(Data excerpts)
^^^^^^^^
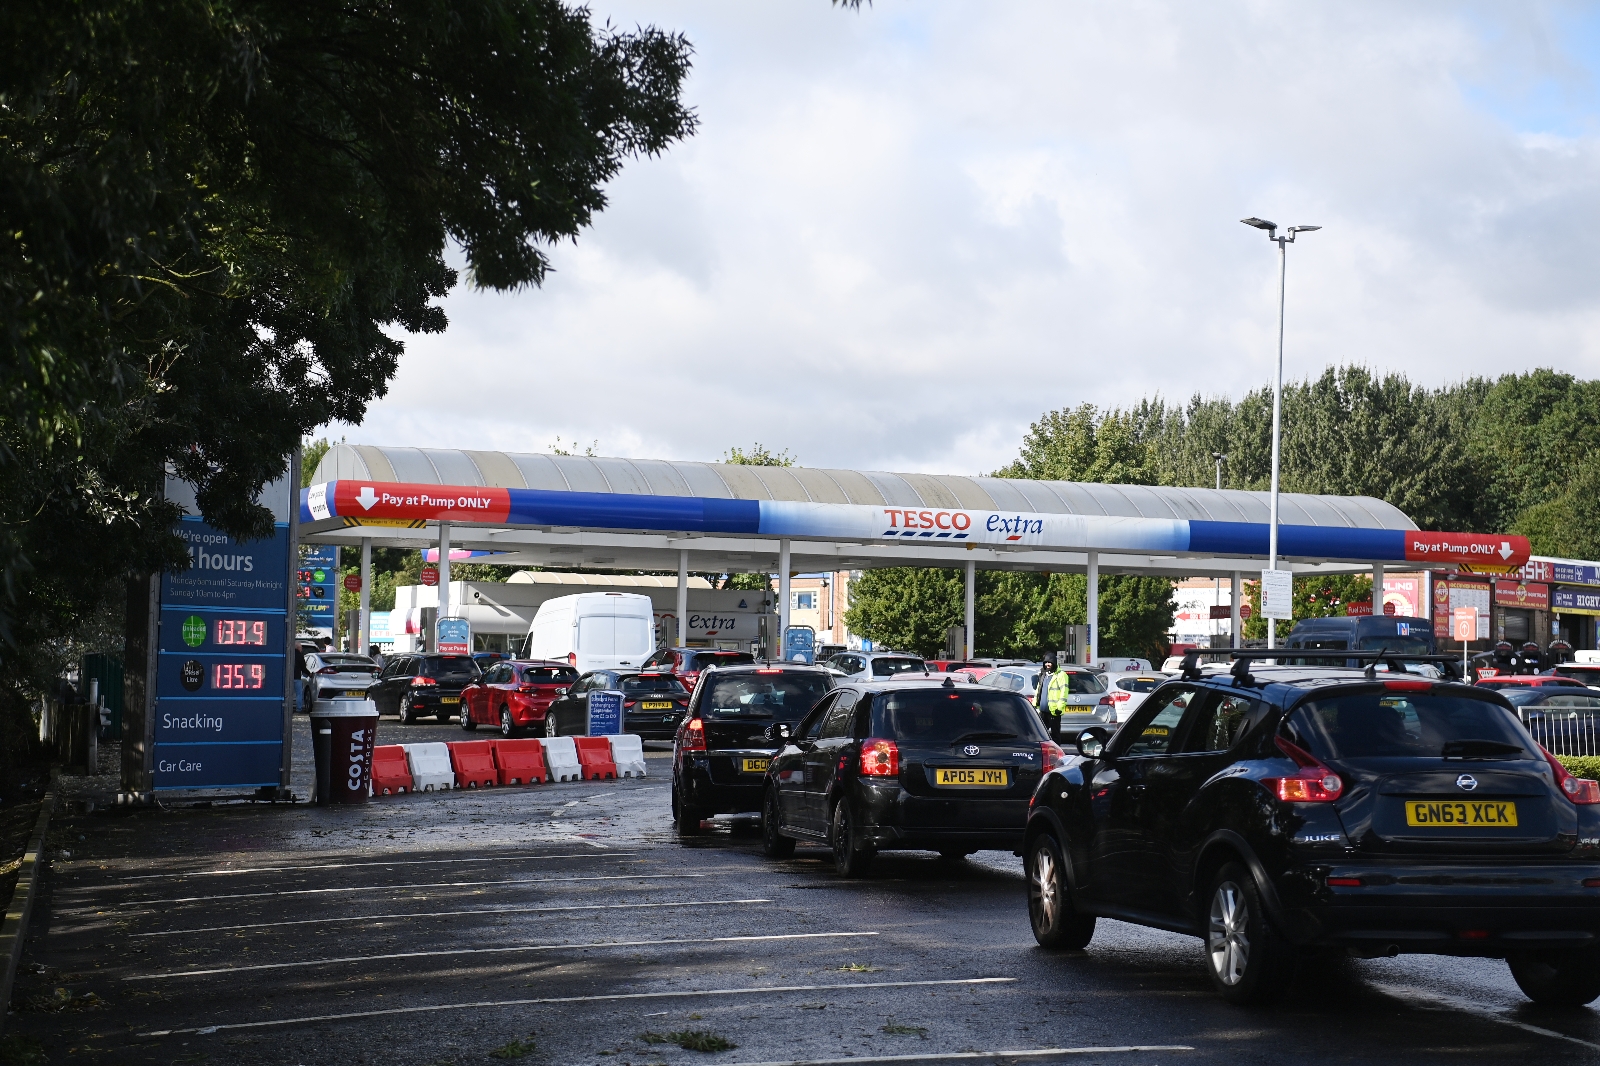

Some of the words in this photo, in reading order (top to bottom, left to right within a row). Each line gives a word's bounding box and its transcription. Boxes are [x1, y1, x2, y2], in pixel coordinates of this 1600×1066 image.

[382, 493, 404, 506] Pay
[406, 496, 418, 506] at
[420, 495, 454, 509] Pump
[458, 497, 491, 508] ONLY
[884, 510, 972, 530] TESCO
[986, 514, 1043, 534] extra
[202, 532, 228, 546] open
[1414, 542, 1430, 554] Pay
[1431, 544, 1440, 552] at
[1442, 543, 1468, 554] Pump
[1470, 544, 1496, 554] ONLY
[198, 546, 254, 572] hours
[212, 578, 226, 586] until
[228, 578, 254, 589] Saturday
[256, 580, 282, 590] Midnight
[170, 588, 194, 598] Sunday
[196, 589, 214, 597] 10am
[689, 614, 736, 630] extra
[218, 620, 264, 645] 133.9
[216, 664, 262, 688] 135.9
[162, 713, 223, 732] Snacking
[159, 760, 176, 772] Car
[178, 760, 202, 772] Care
[348, 729, 364, 790] COSTA
[943, 770, 974, 782] AP05
[979, 771, 1002, 783] JYH
[1415, 804, 1467, 823] GN63
[1473, 804, 1509, 823] XCK
^^^^^^^^
## Assigned task
Word for word, give the entries above again, with no images included.

## Result of this exercise
Some of the words in this photo, in reading order (top to bottom, left to right within a row). Each line gives a word's bounding box and its transcription. Boxes are [x1, y1, x2, y2], in pixel coordinates of this 1600×1066 image.

[382, 493, 404, 506] Pay
[406, 496, 418, 506] at
[420, 495, 454, 509] Pump
[458, 497, 491, 508] ONLY
[884, 510, 972, 530] TESCO
[986, 514, 1043, 534] extra
[202, 532, 228, 546] open
[1414, 542, 1430, 554] Pay
[1431, 544, 1440, 552] at
[1442, 543, 1468, 554] Pump
[1470, 544, 1496, 554] ONLY
[198, 546, 254, 572] hours
[212, 578, 226, 586] until
[228, 578, 254, 589] Saturday
[256, 580, 282, 590] Midnight
[170, 588, 194, 598] Sunday
[196, 589, 214, 597] 10am
[689, 614, 736, 630] extra
[218, 620, 264, 645] 133.9
[216, 664, 262, 688] 135.9
[162, 713, 223, 732] Snacking
[159, 760, 176, 772] Car
[178, 760, 202, 772] Care
[348, 729, 364, 790] COSTA
[943, 770, 974, 782] AP05
[979, 771, 1002, 783] JYH
[1415, 804, 1467, 823] GN63
[1473, 804, 1509, 823] XCK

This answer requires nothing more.